Saved data entries:
☆ ☆ ☆ ☆ ☆

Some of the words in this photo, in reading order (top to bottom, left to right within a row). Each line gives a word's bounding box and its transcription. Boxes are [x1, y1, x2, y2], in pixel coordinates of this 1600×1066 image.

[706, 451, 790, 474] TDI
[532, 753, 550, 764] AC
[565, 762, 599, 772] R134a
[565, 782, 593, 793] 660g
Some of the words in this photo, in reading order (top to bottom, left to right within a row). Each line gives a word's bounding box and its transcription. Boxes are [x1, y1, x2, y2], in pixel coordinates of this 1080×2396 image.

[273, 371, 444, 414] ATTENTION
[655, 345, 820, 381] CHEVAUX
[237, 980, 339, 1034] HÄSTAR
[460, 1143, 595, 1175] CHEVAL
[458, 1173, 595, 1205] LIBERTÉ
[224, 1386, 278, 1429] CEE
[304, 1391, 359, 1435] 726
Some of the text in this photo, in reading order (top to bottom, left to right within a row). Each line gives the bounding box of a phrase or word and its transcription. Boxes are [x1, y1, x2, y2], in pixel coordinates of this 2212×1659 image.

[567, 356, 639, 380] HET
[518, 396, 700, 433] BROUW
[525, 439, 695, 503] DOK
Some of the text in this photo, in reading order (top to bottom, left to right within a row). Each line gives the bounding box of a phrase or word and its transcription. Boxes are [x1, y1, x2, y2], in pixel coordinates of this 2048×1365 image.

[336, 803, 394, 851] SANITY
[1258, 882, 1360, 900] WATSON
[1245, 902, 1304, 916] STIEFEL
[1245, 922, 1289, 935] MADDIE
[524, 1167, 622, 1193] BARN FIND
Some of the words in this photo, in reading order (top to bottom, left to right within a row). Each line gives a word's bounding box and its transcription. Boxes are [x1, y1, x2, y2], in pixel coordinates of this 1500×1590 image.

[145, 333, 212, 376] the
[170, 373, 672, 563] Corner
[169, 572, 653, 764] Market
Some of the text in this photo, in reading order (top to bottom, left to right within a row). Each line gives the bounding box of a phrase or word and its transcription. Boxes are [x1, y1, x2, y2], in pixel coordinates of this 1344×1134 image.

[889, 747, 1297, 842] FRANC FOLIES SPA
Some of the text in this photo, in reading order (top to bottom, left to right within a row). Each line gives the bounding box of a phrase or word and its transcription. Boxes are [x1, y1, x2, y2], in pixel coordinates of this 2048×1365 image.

☆ ☆ ☆ ☆ ☆

• Exercise details: Would you please give all of the records again exactly as they stand?

• Your solution:
Some of the words in this photo, in reading order (top to bottom, left to right within a row). Each line gives a word's bounding box and its transcription. Boxes are [x1, y1, x2, y2], in pixel coordinates of this 1600×1066 image.

[706, 451, 790, 474] TDI
[532, 753, 550, 764] AC
[565, 762, 599, 772] R134a
[565, 782, 593, 793] 660g
Some of the words in this photo, in reading order (top to bottom, left to right within a row). Each line gives a word's bounding box and its transcription. Boxes are [x1, y1, x2, y2], in pixel coordinates of this 1080×2396 image.

[273, 371, 444, 414] ATTENTION
[655, 345, 820, 381] CHEVAUX
[237, 980, 339, 1034] HÄSTAR
[460, 1143, 595, 1175] CHEVAL
[458, 1173, 595, 1205] LIBERTÉ
[224, 1386, 278, 1429] CEE
[304, 1391, 359, 1435] 726
Some of the text in this photo, in reading order (top to bottom, left to right within a row). Each line gives the bounding box of a phrase or word and its transcription. Boxes are [x1, y1, x2, y2], in pixel coordinates of this 2212×1659 image.

[567, 356, 639, 380] HET
[518, 396, 700, 433] BROUW
[525, 439, 695, 503] DOK
Some of the text in this photo, in reading order (top to bottom, left to right within a row). Each line gives the bounding box of a phrase or word and its transcription. Boxes are [x1, y1, x2, y2], in pixel coordinates of this 2048×1365 image.

[336, 803, 394, 851] SANITY
[1258, 882, 1360, 900] WATSON
[1245, 902, 1304, 916] STIEFEL
[1245, 922, 1289, 935] MADDIE
[524, 1167, 622, 1193] BARN FIND
Some of the words in this photo, in reading order (top to bottom, left to right within a row). Each line gives a word's bounding box and its transcription. Boxes are [x1, y1, x2, y2], in pixel coordinates of this 1500×1590 image.

[145, 333, 212, 376] the
[170, 373, 672, 563] Corner
[169, 572, 653, 764] Market
Some of the text in this photo, in reading order (top to bottom, left to right within a row). Each line gives the bounding box of a phrase or word and its transcription. Boxes are [x1, y1, x2, y2], in pixel coordinates of this 1344×1134 image.

[889, 747, 1297, 842] FRANC FOLIES SPA
Some of the text in this photo, in reading order (top to bottom, left to right within a row). Each line gives the bounding box of a phrase or word and its transcription. Boxes are [x1, y1, x2, y2], in pixel coordinates of this 2048×1365 image.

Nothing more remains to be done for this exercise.